[Images for object localization]
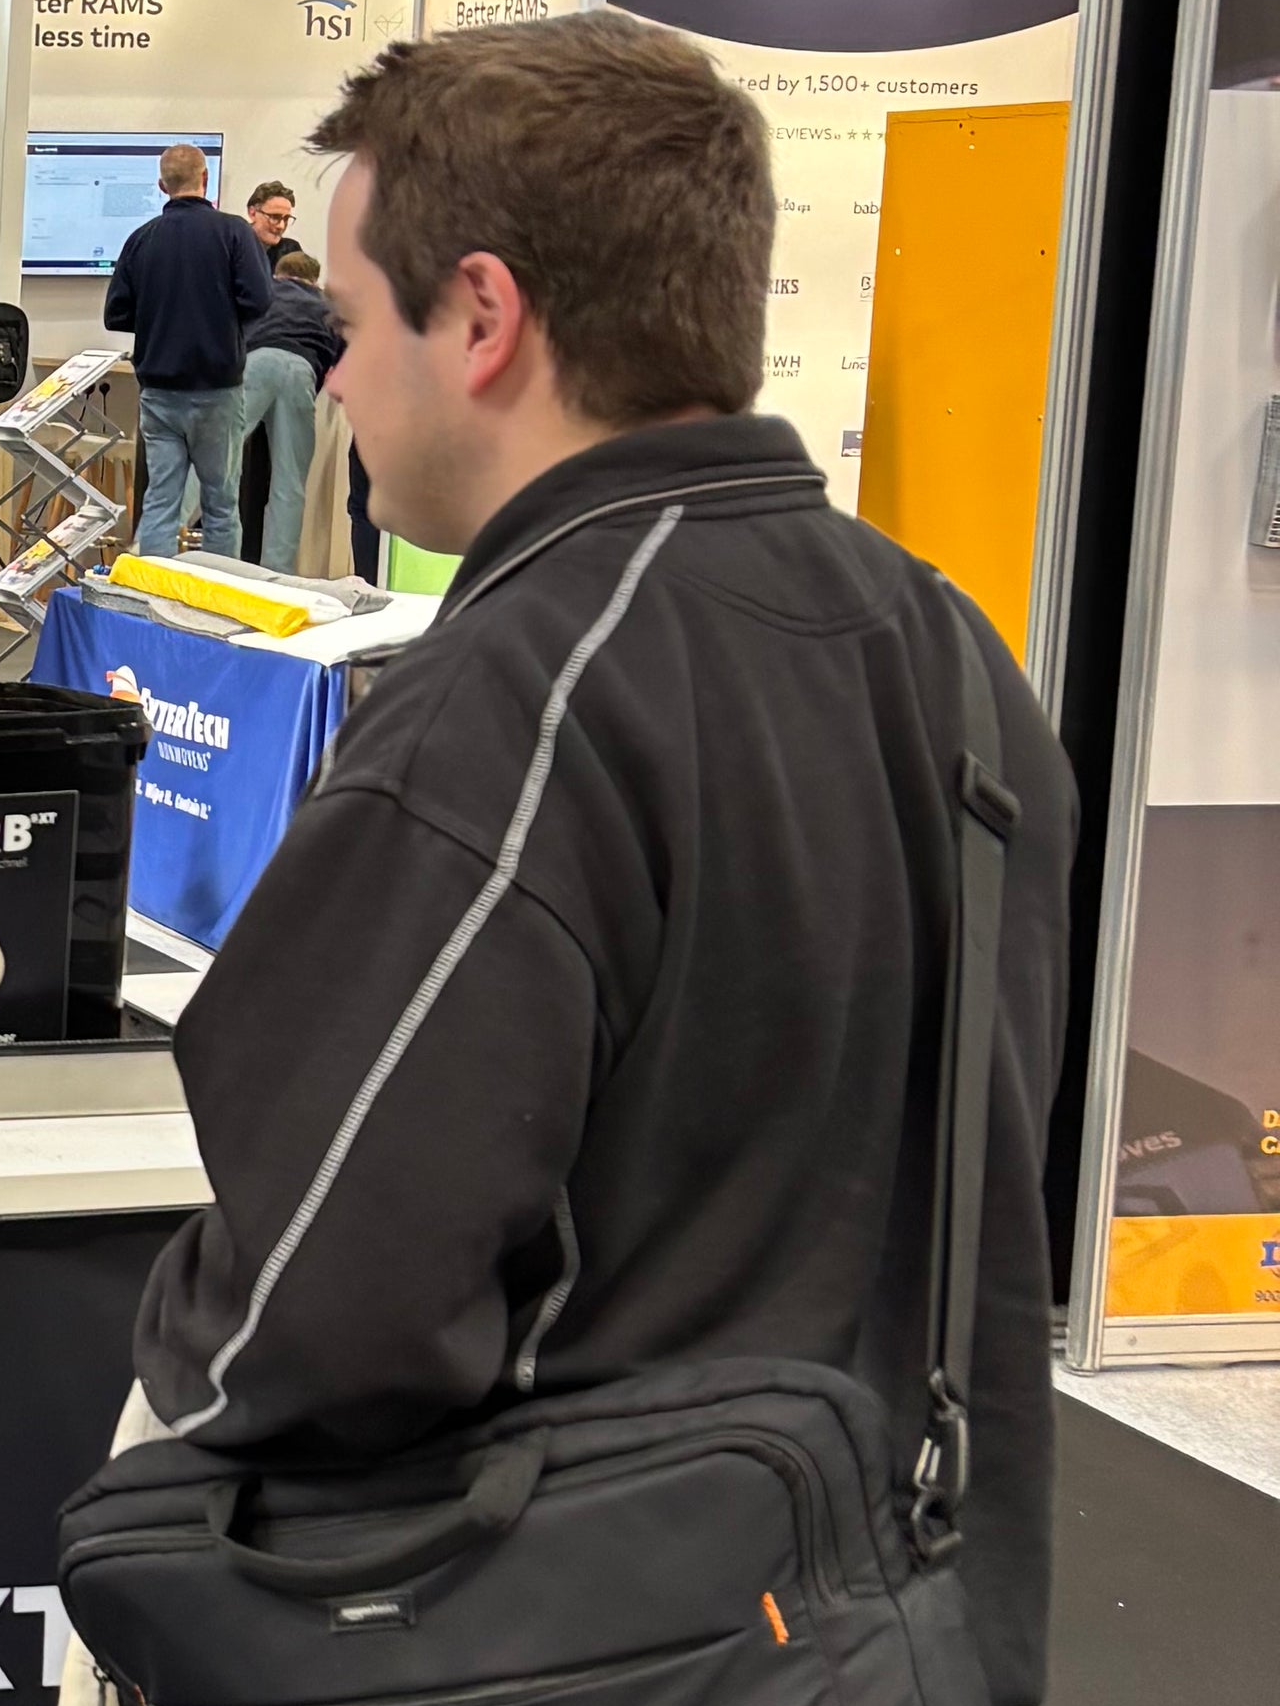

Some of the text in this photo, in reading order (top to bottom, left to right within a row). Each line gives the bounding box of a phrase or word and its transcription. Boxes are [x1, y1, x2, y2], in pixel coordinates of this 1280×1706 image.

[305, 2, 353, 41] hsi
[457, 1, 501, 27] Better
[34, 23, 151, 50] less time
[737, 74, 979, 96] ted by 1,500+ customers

What to work on: Repeat the records above word for word, keeping no pictures in the copy.

Task response:
Some of the text in this photo, in reading order (top to bottom, left to right within a row). Each line gives the bounding box of a phrase or word and its transcription. Boxes are [x1, y1, x2, y2], in pixel coordinates of this 1280×1706 image.

[305, 2, 353, 41] hsi
[457, 1, 501, 27] Better
[34, 23, 151, 50] less time
[737, 74, 979, 96] ted by 1,500+ customers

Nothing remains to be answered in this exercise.